Sattahip merchants are protesting the construction of a Tesco Express convenience store on Soi Bonkai, arguing it will hurt sales by family-run businesses and 7-Elevens.
Soi Bonkai merchants Arisara Thongpol, 42, and Yaowaret Vichien, 34, presented an 800-name petition against the planned Tesco Lotus mini-store to Sattahip District Chief Chaichan Iamcharoen Oct. 6.
The two women claimed that opening a Tesco Lotus – which they wrongly believed is foreign-run – would hurt sales of local vendors and, in particular, 7-Eleven outlets.
Merchants in Sattahip march to try and stop the building of a Tesco Express in their neighborhood.
“If international investors are allowed to compete with Thai businesses, particularly 7-Eleven, Thailand’s currency will weaken, harming the nation’s economy,” the petitioners argued.
What they apparently didn’t realize is that Tesco Express is just as “Thai” as 7-Eleven. While Tesco is British-owned and 7-Eleven Japanese-owned, stores in Thailand are both fully operated by Thai companies: Tesco Lotus by Ek-Chai Distribution System Co. and 7-Eleven by Charoen Pokphand Group, the same company that first brought Tesco outlets in Thailand in 1998.
The CP Group sold its share of the Tesco Lotus partnership in 2003 and the joint venture was reorganized with ownership of the franchises turned over to Ek-Chai.
Nonetheless, the women argued their business was suffering because of “internationally owned businesses” and urged Chaichan to block construction of the mini-mart so 7-Elevens in the area do better. They also claimed a new convenience store would create more traffic congestion.

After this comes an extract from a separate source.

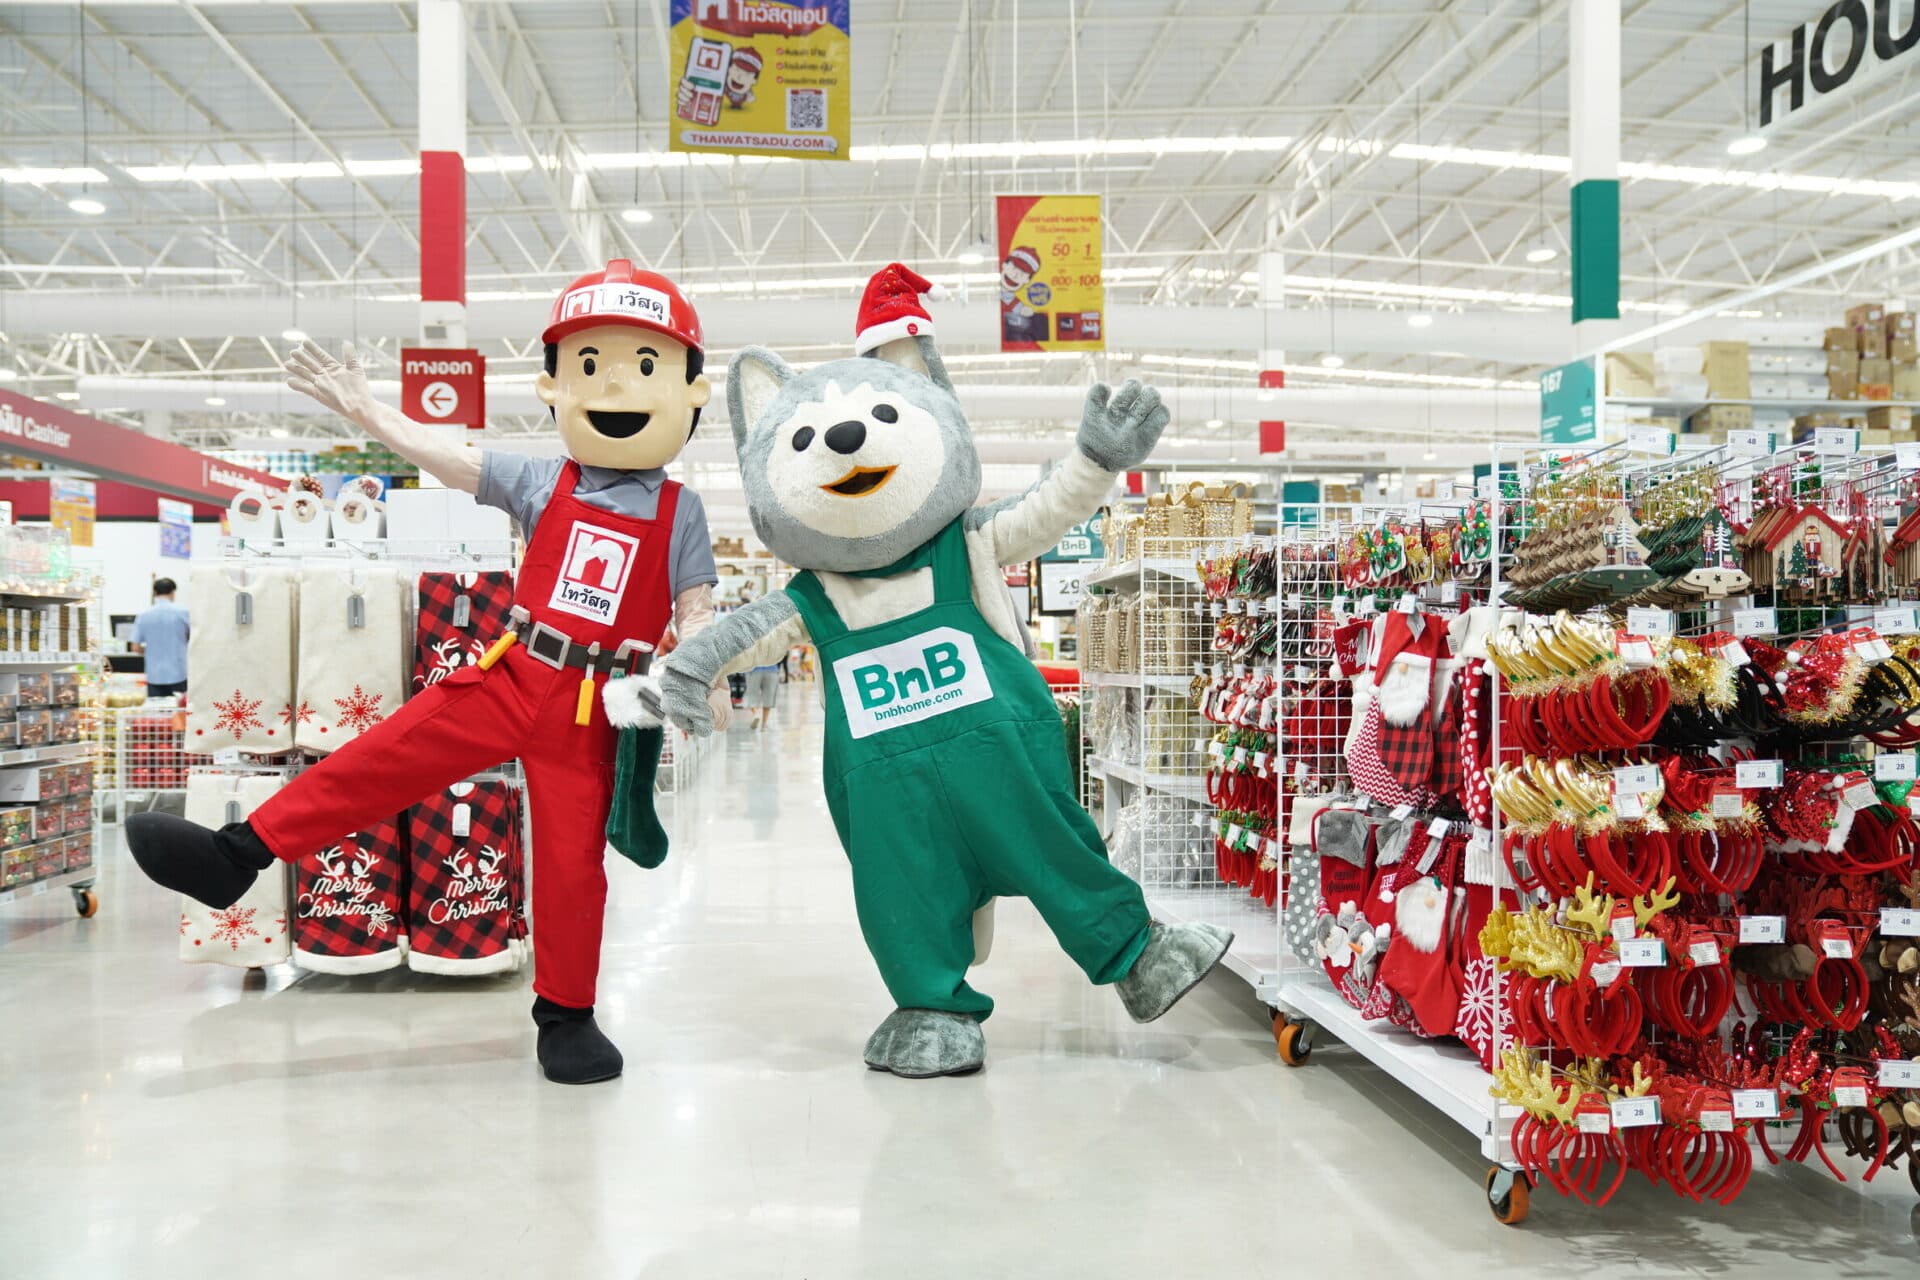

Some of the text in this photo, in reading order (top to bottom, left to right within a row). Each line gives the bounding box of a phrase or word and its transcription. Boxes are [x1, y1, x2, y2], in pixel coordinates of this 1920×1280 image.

Arisara later presented the same petition to Sattahip Mayor Narong Bunbancherdsri, additionally claiming the Tesco Lotus should be stopped because the franchisee had evicted the former tenants on the property without notice, even though they were renting based only on a verbal contract.
Narong, at least for now, withheld his signature from the construction permit while his staff investigates the petitioners’ claims.